Since -replace uses regex matching, the . metacharacter must be escaped to be matched literally. In your case it probably does not matter since . matches any character, but for completeness, you should escape it.

Using the .NET Regex class method Escape(), you can programmatically escape metacharacters.

$emails -replace [regex]::Escape('@domain.com'),'@company.com'

With your code, in order to update $emails, you need to interpolate your array strings properly and update your variable on each loop iteration:

for($i = 0; $i -lt 5; $i++) {
    $emails = $emails -replace $emails[$i], $emails2[$i]
}
$emails # displays the updates

If $emails contains other regex metacharacters besides just the single ., it could be another reason why you are having matching issues. It would then just be easiest to escape the metacharacters:

for($i = 0; $i -lt 5; $i++) {
    $emails = $emails -replace [regex]::Escape($emails[$i]), $emails2[$i]
}
$emails # displays the updates

Explanation:

When double quotes are parsed (if not inside a verbatim string), the parser will do string expansion.
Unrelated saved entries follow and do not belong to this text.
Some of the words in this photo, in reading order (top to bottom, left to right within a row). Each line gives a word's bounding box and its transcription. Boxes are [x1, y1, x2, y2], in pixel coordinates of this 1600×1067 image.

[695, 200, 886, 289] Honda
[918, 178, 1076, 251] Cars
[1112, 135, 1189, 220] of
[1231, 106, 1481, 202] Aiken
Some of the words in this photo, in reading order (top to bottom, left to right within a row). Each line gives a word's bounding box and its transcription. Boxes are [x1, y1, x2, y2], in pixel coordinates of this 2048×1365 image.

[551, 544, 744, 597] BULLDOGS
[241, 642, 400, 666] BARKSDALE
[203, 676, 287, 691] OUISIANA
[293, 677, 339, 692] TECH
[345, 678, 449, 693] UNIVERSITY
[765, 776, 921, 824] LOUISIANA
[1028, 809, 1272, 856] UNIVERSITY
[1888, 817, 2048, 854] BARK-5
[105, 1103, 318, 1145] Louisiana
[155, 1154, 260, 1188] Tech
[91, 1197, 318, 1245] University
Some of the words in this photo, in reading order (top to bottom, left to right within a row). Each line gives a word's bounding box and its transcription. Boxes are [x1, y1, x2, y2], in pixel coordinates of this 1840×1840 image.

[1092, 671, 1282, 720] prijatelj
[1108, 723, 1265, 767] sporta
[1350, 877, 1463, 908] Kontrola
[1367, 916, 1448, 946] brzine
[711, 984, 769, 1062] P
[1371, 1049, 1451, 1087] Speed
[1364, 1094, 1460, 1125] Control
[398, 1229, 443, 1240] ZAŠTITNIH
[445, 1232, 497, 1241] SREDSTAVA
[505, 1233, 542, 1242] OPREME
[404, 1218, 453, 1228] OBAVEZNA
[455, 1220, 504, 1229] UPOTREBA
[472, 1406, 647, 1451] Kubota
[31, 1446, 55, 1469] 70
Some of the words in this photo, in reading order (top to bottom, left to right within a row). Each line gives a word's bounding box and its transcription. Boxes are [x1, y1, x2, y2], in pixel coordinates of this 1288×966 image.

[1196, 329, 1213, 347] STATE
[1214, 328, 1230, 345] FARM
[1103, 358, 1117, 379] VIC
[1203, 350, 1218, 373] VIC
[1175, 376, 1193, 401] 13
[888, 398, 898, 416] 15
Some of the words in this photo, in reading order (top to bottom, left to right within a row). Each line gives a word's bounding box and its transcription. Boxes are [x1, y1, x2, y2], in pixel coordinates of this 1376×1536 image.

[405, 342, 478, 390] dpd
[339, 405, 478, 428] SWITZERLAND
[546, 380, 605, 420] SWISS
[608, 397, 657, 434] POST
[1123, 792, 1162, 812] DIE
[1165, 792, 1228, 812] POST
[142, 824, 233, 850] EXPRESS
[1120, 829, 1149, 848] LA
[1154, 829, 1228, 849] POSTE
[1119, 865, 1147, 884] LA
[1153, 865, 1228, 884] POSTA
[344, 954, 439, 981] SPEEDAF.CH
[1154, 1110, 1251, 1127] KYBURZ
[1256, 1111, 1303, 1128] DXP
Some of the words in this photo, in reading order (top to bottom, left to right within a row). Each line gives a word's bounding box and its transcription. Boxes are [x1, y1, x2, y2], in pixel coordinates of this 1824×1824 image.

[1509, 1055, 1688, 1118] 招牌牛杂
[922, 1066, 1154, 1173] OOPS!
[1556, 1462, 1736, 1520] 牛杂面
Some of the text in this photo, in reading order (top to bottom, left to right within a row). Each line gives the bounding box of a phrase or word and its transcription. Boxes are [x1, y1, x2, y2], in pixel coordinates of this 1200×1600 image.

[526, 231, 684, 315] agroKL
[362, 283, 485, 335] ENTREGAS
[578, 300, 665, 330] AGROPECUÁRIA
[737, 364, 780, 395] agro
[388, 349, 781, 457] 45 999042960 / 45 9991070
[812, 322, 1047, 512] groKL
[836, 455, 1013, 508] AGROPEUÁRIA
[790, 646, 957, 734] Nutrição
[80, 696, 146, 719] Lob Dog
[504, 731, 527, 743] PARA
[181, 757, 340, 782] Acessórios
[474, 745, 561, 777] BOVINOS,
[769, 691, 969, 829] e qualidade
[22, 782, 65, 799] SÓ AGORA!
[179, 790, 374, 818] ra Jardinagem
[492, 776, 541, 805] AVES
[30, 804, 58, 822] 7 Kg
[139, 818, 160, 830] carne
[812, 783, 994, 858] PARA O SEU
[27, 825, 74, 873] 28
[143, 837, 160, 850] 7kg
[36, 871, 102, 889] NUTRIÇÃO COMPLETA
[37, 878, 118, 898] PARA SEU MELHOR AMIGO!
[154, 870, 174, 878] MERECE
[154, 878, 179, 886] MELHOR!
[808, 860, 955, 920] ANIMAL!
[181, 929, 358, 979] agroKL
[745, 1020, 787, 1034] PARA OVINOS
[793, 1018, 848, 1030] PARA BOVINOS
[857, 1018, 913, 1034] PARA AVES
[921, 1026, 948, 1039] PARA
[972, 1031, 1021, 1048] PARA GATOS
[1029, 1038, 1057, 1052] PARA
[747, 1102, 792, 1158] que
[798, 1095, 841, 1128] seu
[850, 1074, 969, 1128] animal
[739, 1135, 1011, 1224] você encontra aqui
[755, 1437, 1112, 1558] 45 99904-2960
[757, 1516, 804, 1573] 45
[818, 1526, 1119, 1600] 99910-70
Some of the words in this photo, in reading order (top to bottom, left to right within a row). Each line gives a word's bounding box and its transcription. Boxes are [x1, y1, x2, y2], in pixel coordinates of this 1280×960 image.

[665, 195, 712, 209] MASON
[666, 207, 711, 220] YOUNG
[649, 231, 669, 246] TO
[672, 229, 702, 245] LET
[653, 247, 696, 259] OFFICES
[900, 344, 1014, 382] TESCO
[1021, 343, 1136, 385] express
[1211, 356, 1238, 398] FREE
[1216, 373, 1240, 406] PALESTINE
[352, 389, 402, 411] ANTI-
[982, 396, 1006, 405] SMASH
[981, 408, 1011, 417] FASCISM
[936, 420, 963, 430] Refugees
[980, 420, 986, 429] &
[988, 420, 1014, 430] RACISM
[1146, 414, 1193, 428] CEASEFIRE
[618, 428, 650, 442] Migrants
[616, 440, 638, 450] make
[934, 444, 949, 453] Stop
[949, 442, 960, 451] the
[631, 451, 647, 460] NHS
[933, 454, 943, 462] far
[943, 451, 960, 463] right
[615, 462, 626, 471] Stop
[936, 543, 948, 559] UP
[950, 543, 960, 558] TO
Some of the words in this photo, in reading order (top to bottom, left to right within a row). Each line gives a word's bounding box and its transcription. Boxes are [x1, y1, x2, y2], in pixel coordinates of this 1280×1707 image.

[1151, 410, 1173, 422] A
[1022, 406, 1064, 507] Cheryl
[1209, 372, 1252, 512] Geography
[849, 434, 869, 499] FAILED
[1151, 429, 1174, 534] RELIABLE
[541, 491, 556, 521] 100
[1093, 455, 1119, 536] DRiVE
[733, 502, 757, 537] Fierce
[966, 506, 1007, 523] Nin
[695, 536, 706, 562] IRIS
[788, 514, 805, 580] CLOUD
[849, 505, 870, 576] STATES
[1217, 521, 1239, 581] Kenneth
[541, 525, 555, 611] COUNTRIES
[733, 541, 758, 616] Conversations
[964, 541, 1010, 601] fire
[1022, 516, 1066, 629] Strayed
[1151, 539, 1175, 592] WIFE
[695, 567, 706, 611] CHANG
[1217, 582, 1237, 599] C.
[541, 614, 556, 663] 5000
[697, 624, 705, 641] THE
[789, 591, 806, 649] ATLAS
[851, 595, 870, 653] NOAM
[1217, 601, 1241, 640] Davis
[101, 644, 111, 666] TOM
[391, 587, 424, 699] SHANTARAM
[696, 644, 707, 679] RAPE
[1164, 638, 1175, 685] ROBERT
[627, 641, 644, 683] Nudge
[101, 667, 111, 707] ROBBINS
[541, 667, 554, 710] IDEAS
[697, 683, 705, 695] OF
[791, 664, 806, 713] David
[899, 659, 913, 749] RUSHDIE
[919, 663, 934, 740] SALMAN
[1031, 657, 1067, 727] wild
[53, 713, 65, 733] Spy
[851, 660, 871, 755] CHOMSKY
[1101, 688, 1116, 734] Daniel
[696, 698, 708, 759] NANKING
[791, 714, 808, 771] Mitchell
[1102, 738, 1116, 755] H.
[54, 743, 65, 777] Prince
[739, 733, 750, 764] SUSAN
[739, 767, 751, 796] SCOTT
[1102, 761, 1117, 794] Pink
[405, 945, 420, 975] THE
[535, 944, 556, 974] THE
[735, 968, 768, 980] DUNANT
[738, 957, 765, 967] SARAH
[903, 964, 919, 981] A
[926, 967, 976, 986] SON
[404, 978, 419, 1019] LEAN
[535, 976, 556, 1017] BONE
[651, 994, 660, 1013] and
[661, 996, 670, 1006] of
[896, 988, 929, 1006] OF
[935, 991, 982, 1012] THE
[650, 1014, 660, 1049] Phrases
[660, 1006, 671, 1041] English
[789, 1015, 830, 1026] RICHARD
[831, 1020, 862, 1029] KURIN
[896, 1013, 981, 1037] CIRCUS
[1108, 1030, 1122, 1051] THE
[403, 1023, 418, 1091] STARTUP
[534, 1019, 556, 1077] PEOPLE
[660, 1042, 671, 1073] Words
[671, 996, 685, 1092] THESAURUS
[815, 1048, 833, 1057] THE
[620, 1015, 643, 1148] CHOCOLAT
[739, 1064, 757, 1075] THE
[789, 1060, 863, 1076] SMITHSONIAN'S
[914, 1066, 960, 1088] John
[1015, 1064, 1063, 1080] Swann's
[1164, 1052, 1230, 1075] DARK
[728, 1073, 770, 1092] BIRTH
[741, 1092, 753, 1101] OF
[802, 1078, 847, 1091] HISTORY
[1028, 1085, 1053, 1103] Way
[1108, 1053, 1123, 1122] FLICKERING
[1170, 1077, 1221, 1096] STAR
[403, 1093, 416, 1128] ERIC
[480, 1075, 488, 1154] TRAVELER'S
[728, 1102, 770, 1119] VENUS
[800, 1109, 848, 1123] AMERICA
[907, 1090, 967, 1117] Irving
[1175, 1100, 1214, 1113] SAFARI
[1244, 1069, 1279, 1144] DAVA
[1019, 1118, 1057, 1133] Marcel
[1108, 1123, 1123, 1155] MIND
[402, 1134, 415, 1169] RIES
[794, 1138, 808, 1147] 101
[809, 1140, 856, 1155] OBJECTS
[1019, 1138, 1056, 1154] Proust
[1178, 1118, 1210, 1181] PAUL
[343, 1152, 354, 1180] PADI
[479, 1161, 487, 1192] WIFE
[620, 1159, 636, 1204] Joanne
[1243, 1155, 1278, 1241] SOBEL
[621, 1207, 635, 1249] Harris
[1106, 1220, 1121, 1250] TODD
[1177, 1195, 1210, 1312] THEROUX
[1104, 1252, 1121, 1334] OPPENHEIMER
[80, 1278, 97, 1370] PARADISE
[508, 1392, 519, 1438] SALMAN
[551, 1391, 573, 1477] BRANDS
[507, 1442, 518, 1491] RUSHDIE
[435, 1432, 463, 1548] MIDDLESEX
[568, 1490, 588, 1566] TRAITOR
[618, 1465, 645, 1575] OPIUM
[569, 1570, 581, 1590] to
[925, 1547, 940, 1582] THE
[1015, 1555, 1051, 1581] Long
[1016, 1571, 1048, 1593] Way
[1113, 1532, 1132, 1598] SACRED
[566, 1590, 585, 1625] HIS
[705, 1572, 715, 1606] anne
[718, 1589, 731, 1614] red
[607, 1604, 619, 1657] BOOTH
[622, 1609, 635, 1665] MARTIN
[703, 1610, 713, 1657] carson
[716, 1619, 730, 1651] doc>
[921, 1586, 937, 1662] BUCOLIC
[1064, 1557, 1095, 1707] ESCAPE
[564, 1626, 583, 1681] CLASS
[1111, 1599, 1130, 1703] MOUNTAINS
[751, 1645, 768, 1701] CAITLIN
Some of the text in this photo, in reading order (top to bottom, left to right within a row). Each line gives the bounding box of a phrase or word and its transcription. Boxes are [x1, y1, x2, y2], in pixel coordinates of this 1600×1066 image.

When this happens to variables references that include operators, only the variables are expanded and the rest of the quoted expression including the operator characters is treated as a verbatim string. You can see this with a trivial example:

$str = 'my string 1','my string 2'
"$str[0]"

Output:

my string 1 my string 2[0]

To get around this behavior, you either need to not use quotes around the expression or use the sub-expression operator $():

$str[0]
"$($str[0])"

Note that a quoted array reference will convert the array into a string. Each element of that array will be separated based on the $OFS value (single space by default) of your environment.